[[ INFORMATION SUPPLIED open ]]

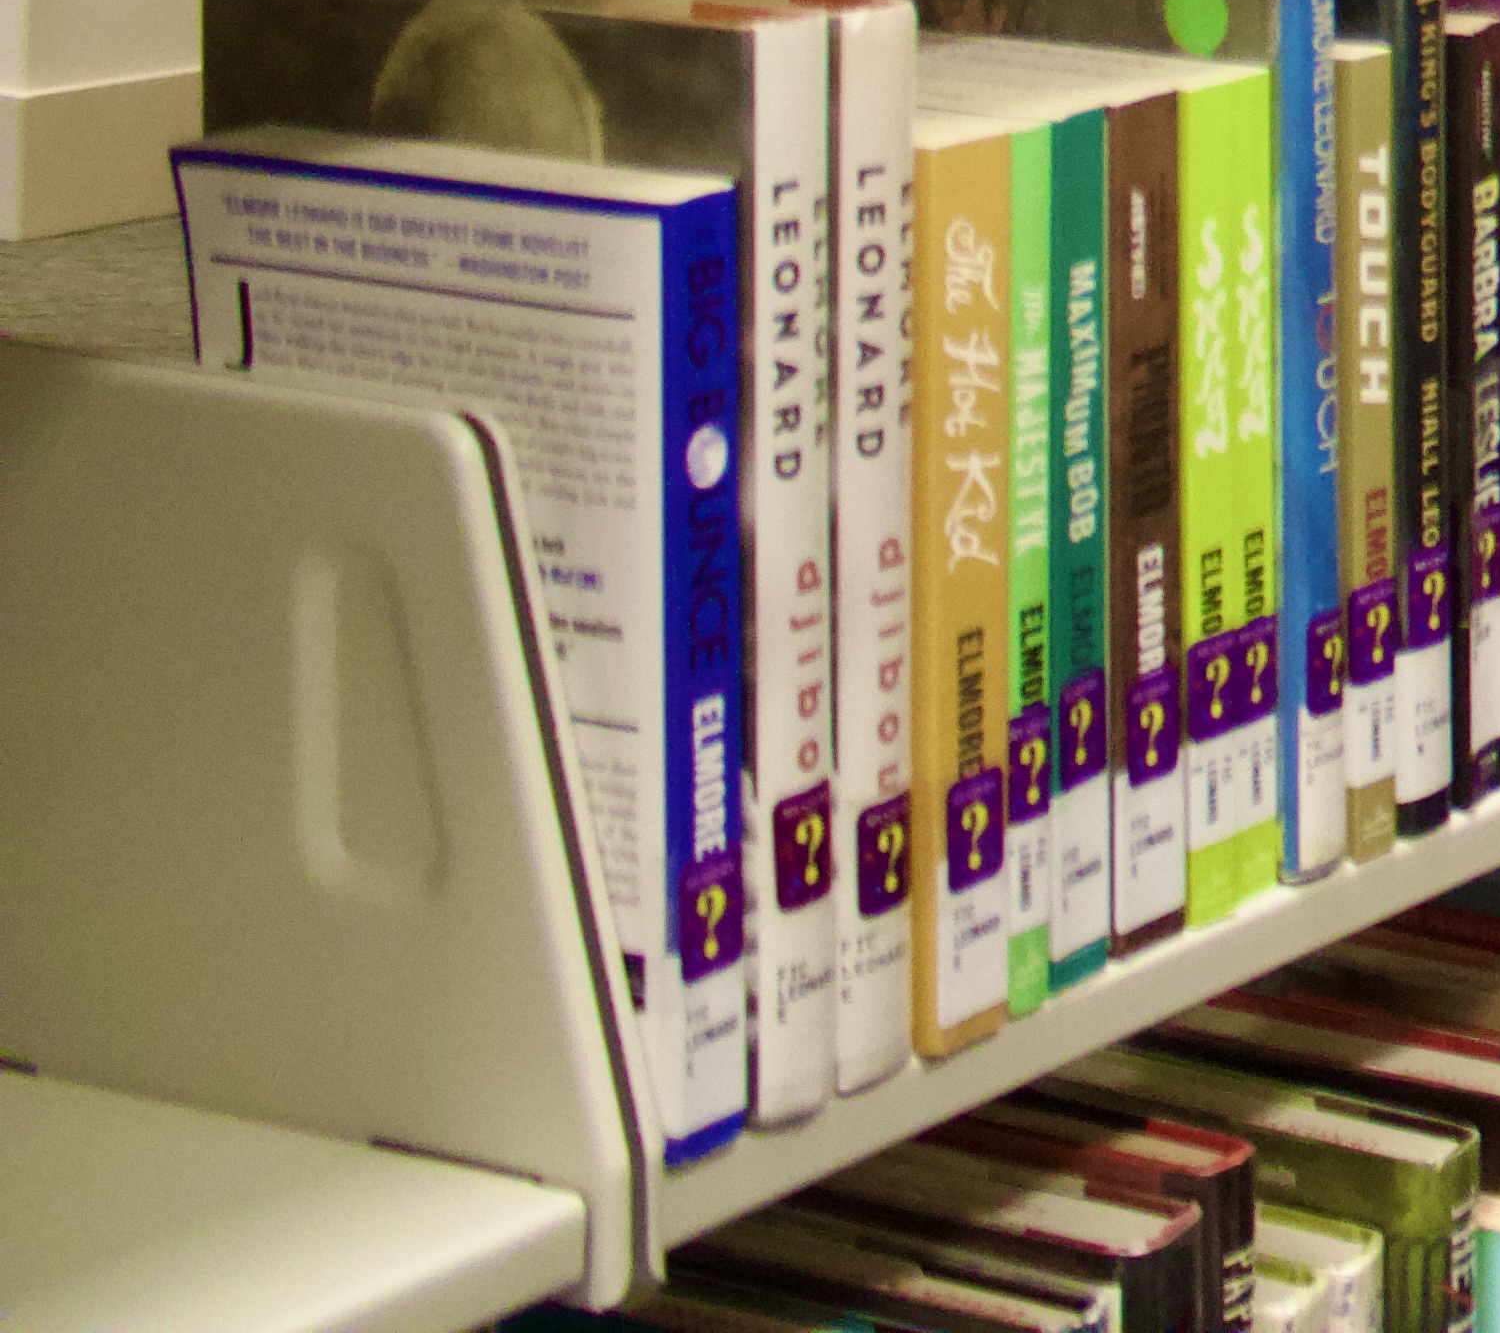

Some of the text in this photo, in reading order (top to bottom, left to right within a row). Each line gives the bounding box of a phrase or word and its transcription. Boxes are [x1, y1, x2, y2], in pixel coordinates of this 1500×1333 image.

[772, 178, 803, 481] LEONARD
[856, 163, 887, 460] LEONARD
[943, 217, 1001, 315] The
[1062, 259, 1100, 458] MAXIMUM
[1358, 144, 1390, 406] TOUCH
[1419, 20, 1440, 548] KING'S BODYGUARD NIALL LEO
[1472, 172, 1500, 361] BARBRA
[941, 331, 1002, 438] Hot
[1013, 346, 1048, 555] MAJESTYK
[944, 452, 1002, 574] Kid
[1067, 458, 1100, 545] BOB
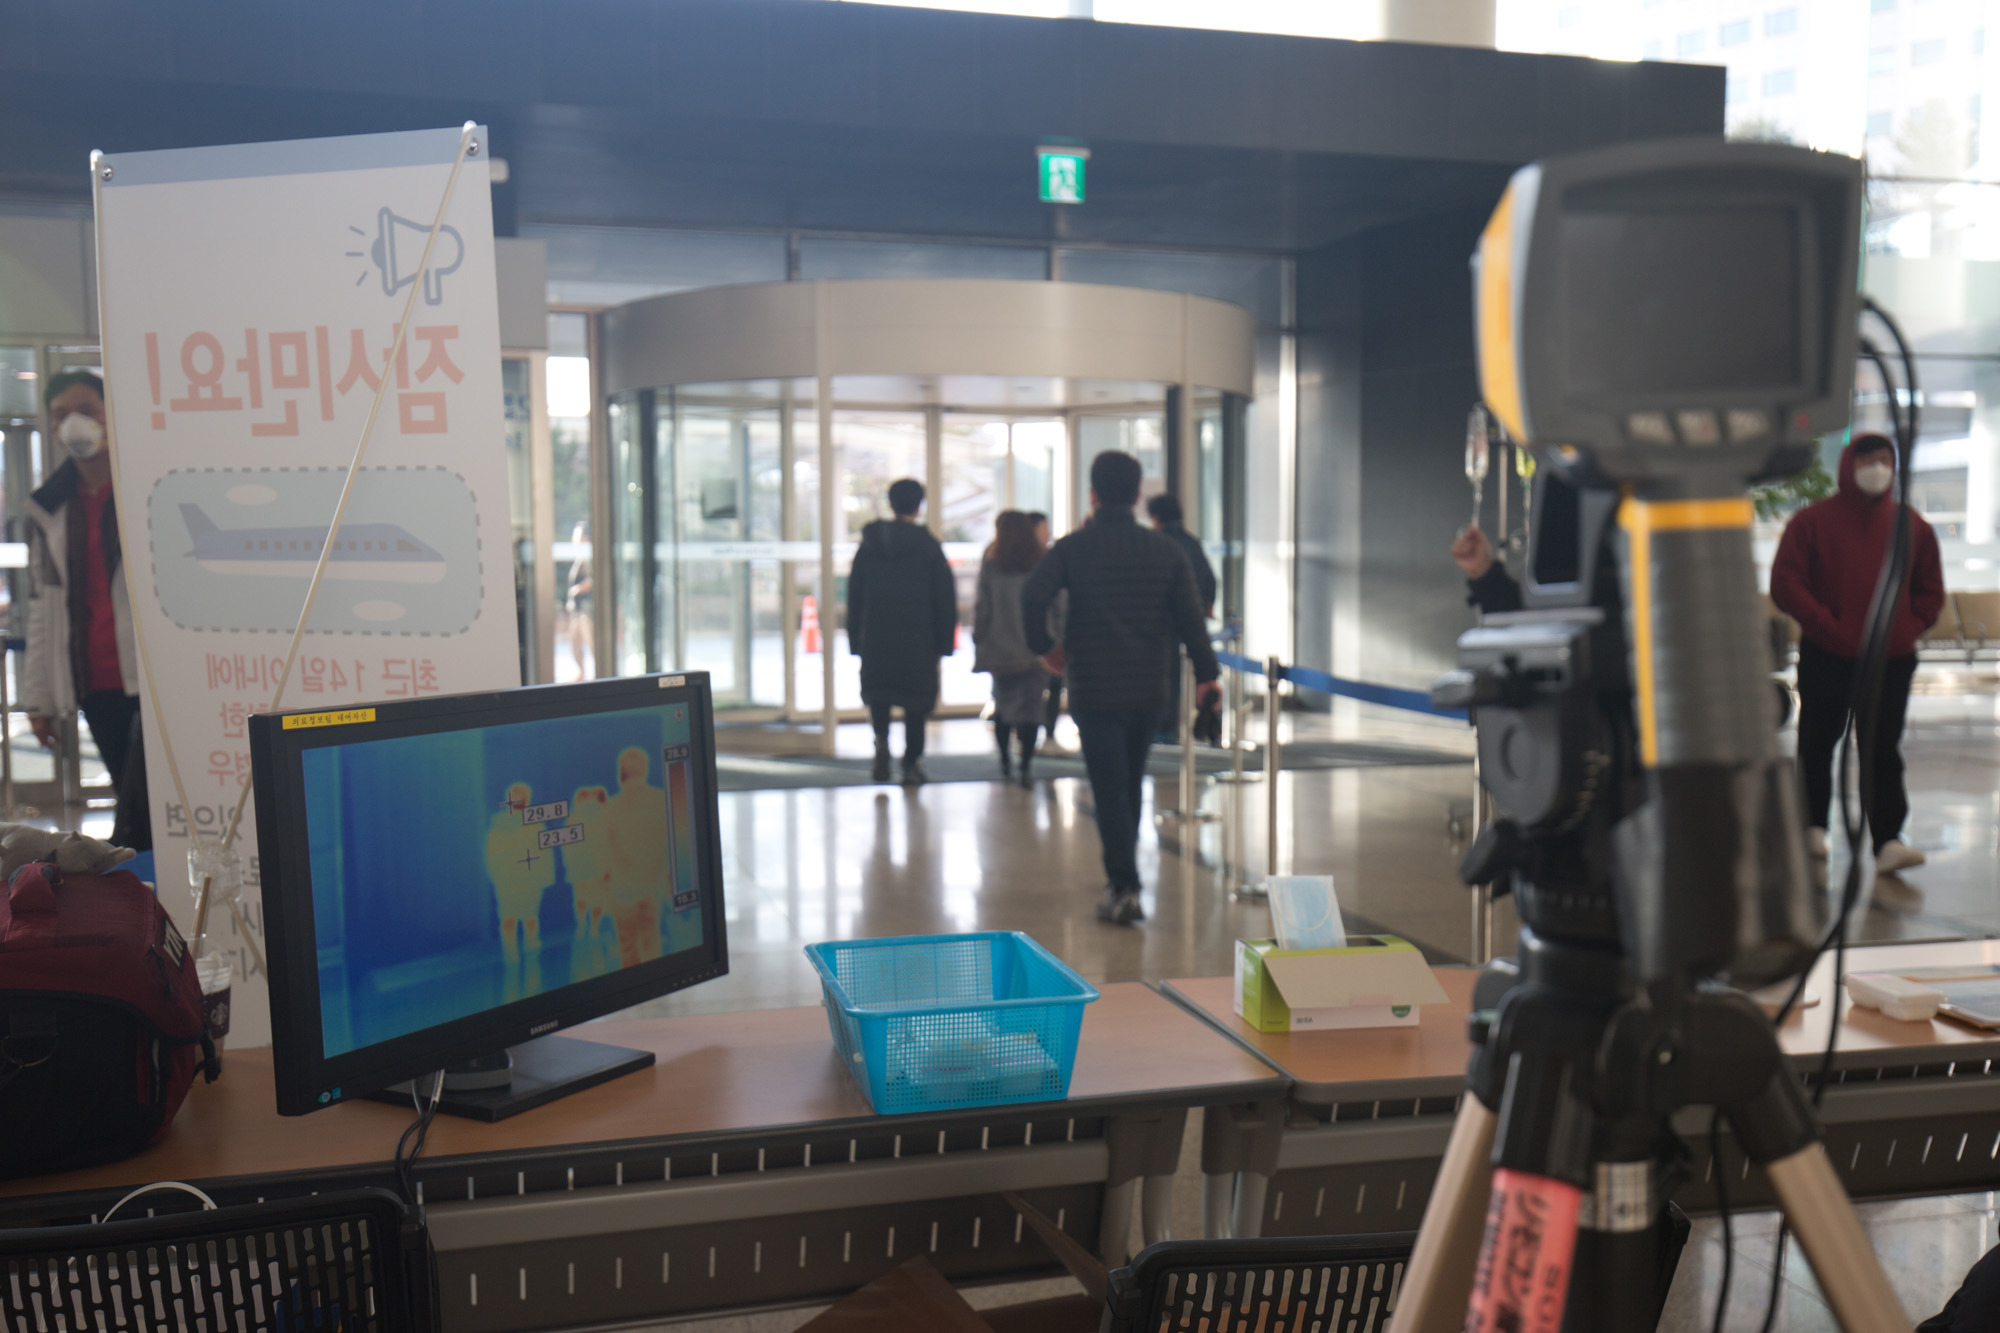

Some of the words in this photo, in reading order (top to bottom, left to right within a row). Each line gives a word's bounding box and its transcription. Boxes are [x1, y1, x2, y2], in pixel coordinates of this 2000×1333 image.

[[ INFORMATION SUPPLIED closed ]]

** WHAT THE TASK ASKS **
From the first line to the last, restate the entries exactly, without pictures.

** TASK SOLUTION **
Some of the text in this photo, in reading order (top to bottom, left to right within a row). Each line gives the bounding box of a phrase or word and its transcription. Boxes are [x1, y1, x2, y2], in pixel coordinates of this 1500×1333 image.

[772, 178, 803, 481] LEONARD
[856, 163, 887, 460] LEONARD
[943, 217, 1001, 315] The
[1062, 259, 1100, 458] MAXIMUM
[1358, 144, 1390, 406] TOUCH
[1419, 20, 1440, 548] KING'S BODYGUARD NIALL LEO
[1472, 172, 1500, 361] BARBRA
[941, 331, 1002, 438] Hot
[1013, 346, 1048, 555] MAJESTYK
[944, 452, 1002, 574] Kid
[1067, 458, 1100, 545] BOB

Some of the words in this photo, in reading order (top to bottom, left to right within a row). Each line gives a word's bounding box and its transcription. Boxes are [x1, y1, x2, y2], in pixel coordinates of this 2000×1333 image.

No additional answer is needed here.